Già quaranta anni fa Hannah Arendt aveva lucidamente previsto i disastri cui avrebbe condotto questa visione pedagogica, da lei definita «un incredibile guazzabuglio di idee sensate e di assurdità». Arendt denunciava l’aver messo «del tutto da parte ogni regola di sano giudizio umano, per amore di certe teorie, buone o cattive che fossero. […] Influenzata dalla psicologia moderna e dai dogmi del pragmatismo la pedagogia si è trasformata in una scienza dell’insegnamento in genere, fino a rendersi del tutto indipendente dalla materia che di fatto s’insegna». E proseguiva osservando che la sostituzione della conoscenza con la pratica e la metodologia era conseguenza di un mediocre pragmatismo secondo cui «si può conoscere e capire soltanto ciò che si è fatto da sé. Applicato all’istruzione ciò significa, in termini primitivi quanto ovvi, che l’imparare viene per quanto possibile sostituito dal fare. Non si dà alcun valore alla padronanza della materia da parte del professore proprio per costringerlo a proseguire nell’attività dell’apprendimento, così da non trasmettere, come si dice, delle “morte nozioni”, bensì essere continuamente teso a mostrare il processo produttivo della conoscenza. L’intenzione consapevole non è d’insegnare una conoscenza ma di inculcare una tecnica».
A ciò corrisponde una visione dell’insegnante che è – per dirla con Arendt – «una persona che può semplicemente insegnare qualsiasi cosa, perché la sua formazione è nell’insegnare, non nel dominio di un qualsiasi materia particolare». Non a caso il processo di formazione degli insegnanti è stato imperniato soprattutto sulle metodologie pedagogico-didattiche. Nel caso dei maestri italiani si sono raggiunti livelli esasperati. Oggi ci si può laureare maestro senza competenze disciplinari specifiche. In certi corsi di laurea le materie sono soltanto di tipo psico-pedadogico-relazionale o di pedagogia “speciale” (che si occupa del sostegno ai disabili) e i corsi di didattica della matematica o della storia (non matematica o storia!) sono opzionali con pediatria o neuropsichiatria infantile… Definire “specializzato” un siffatto maestro è una presa in giro. Oggi la scuola primaria galleggia per l’impegno di maestri anziani o di giovani che coltivano interessi disciplinari a dispetto dei cattivi insegnamenti che hanno ricevuto. Pertanto polemizzare contro il maestro prevalente in nome di un inesistente maestro plurimo “specializzato” è una mistificazione. D’altra parte, è curioso che chi difende l’idea di un insegnante metodologo auspichi la specializzazione disciplinare proprio nelle elementari, laddove meno se ne sente la necessità. In realtà si tratta di una foglia di fico culturale per giustificare le politiche di assunzioni di massa.

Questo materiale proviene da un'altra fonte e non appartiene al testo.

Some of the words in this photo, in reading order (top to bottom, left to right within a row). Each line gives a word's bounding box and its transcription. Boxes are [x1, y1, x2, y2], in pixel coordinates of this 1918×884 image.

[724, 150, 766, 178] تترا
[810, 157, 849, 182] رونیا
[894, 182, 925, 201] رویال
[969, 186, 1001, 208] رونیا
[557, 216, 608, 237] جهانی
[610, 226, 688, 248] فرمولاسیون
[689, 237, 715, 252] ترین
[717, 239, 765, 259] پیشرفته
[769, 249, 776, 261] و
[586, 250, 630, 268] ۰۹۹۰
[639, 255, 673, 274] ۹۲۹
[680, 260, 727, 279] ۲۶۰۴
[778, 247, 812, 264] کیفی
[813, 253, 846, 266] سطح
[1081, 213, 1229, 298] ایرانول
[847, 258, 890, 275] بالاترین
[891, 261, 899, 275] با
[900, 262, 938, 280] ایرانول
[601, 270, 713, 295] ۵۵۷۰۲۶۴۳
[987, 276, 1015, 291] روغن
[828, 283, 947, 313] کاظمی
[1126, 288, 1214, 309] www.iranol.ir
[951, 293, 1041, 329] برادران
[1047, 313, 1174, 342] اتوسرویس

È invece molto più sensata la figura di un insegnante prevalente, dotato delle conoscenze basilari atte a introdurre sinteticamente il bambino al mondo simbolico, che è quello delle lettere e dei numeri, non a caso nati insieme seimila anni fa. La scomposizione in termini disciplinari degli aspetti linguistico e matematico proprio nella fase formativa elementare è un errore pedagogico banale.

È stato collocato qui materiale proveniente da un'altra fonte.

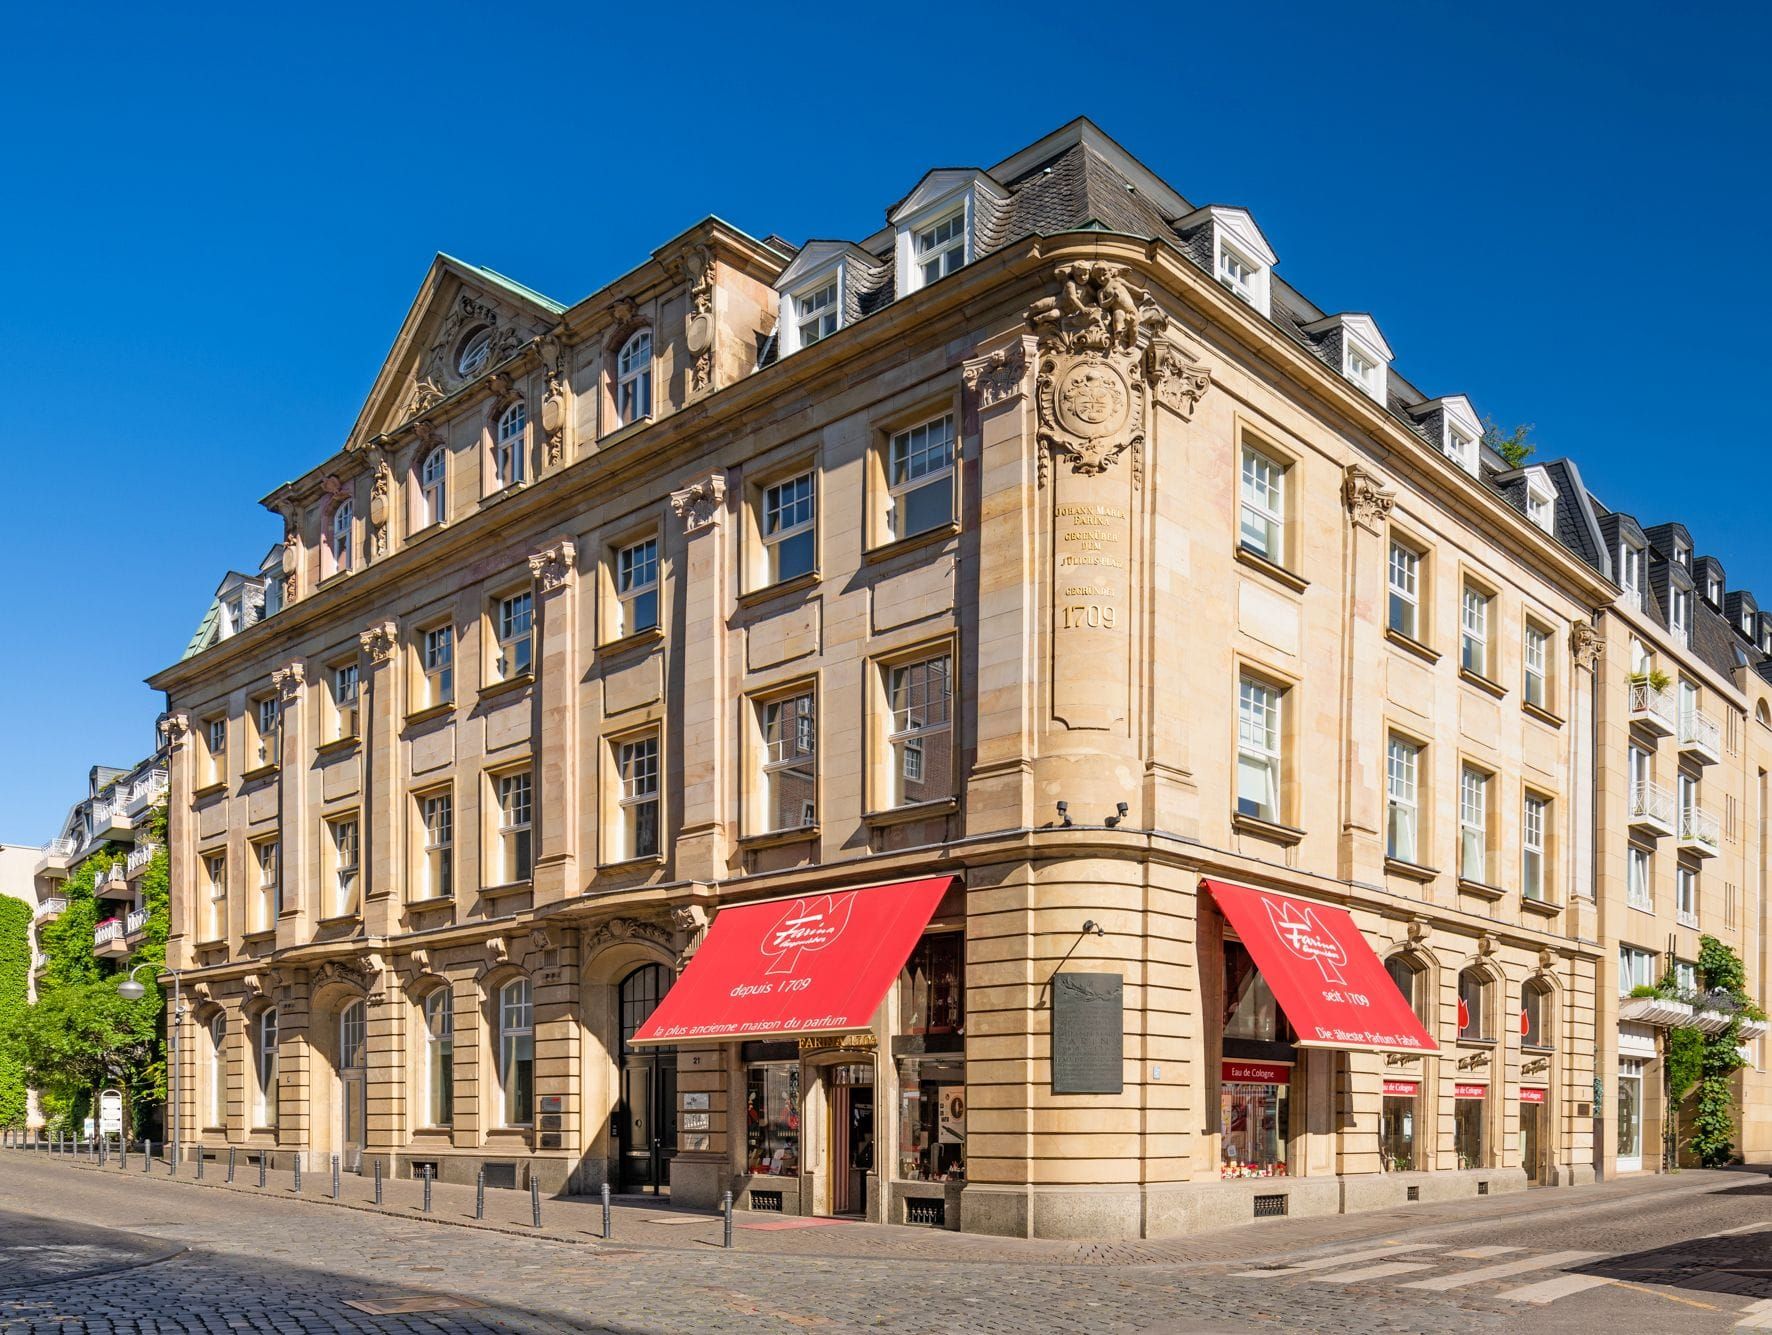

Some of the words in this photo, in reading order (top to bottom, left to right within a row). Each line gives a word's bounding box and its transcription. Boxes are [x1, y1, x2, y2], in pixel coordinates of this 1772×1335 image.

[1055, 506, 1093, 518] JOHANN
[1073, 516, 1110, 526] FARINA
[1062, 605, 1116, 629] 1709
[773, 914, 835, 946] Farina
[1278, 921, 1337, 952] Farina
[730, 981, 774, 998] depuis
[778, 977, 812, 993] 1709
[1322, 989, 1345, 1003] seit
[1344, 992, 1370, 1007] 1709
[653, 1025, 664, 1037] la
[664, 1025, 686, 1038] plus
[689, 1022, 738, 1034] ancienne
[741, 1019, 781, 1031] maison
[784, 1016, 800, 1029] du
[802, 1015, 848, 1030] parfum
[1315, 1026, 1334, 1040] Die
[692, 1056, 700, 1065] 21
[1231, 1067, 1242, 1077] Eau
[1243, 1068, 1251, 1077] de
[1251, 1068, 1274, 1079] Cologne

Dice Pontecorvo che questa è una scuola che integra i disabili ed è accogliente. Purché si dica che ciò accade nell’ottica del più ipocrita politicamente corretto, concependo come “diversità” ogni disabilità (siamo tutti “diversi”, siamo tutti “speciali”) e raccogliendo nella stessa categoria disabili propriamente detti con immigrati, rom e, secondo alcuni, anche ebrei. In tal modo si crede di normalizzare la disabilità riducendo ogni condizione a una forma di disabilità e trasformando la scuola elementare in un immenso deposito di “diversità” in cui il maestro opera come un infermiere-psicologo.
Clotilde Pontecorvo critica inoltre la reintroduzione del voto in decimi osservando giustamente che le valutazioni non sono mai misurazioni quantitative precise. Ma non la racconta giusta quando fa credere che la docimologia spieghi che una misurazione esatta delle competenze è impossibile. Il contrario è vero. È la docimologia che persegue l’obbiettivo impossibile della “misurazione delle qualità” e pretende di introdurre criteri di valutazione “oggettivi” ricorrendo a principi che suscitano l’ilarità di chiunque abbia una preparazione scientifica seria, come la distribuzione gaussiana delle competenze. Al contrario, il voto in decimi mira a esprimere una valutazione comparativa qualitativa in modo più semplice e diretto di giudizi verbali spesso espressi con locuzioni farraginose e vaniloquenti e senza concedere alla pretesa di raggiungere per via docimologica la misurazione “esatta” della competenze.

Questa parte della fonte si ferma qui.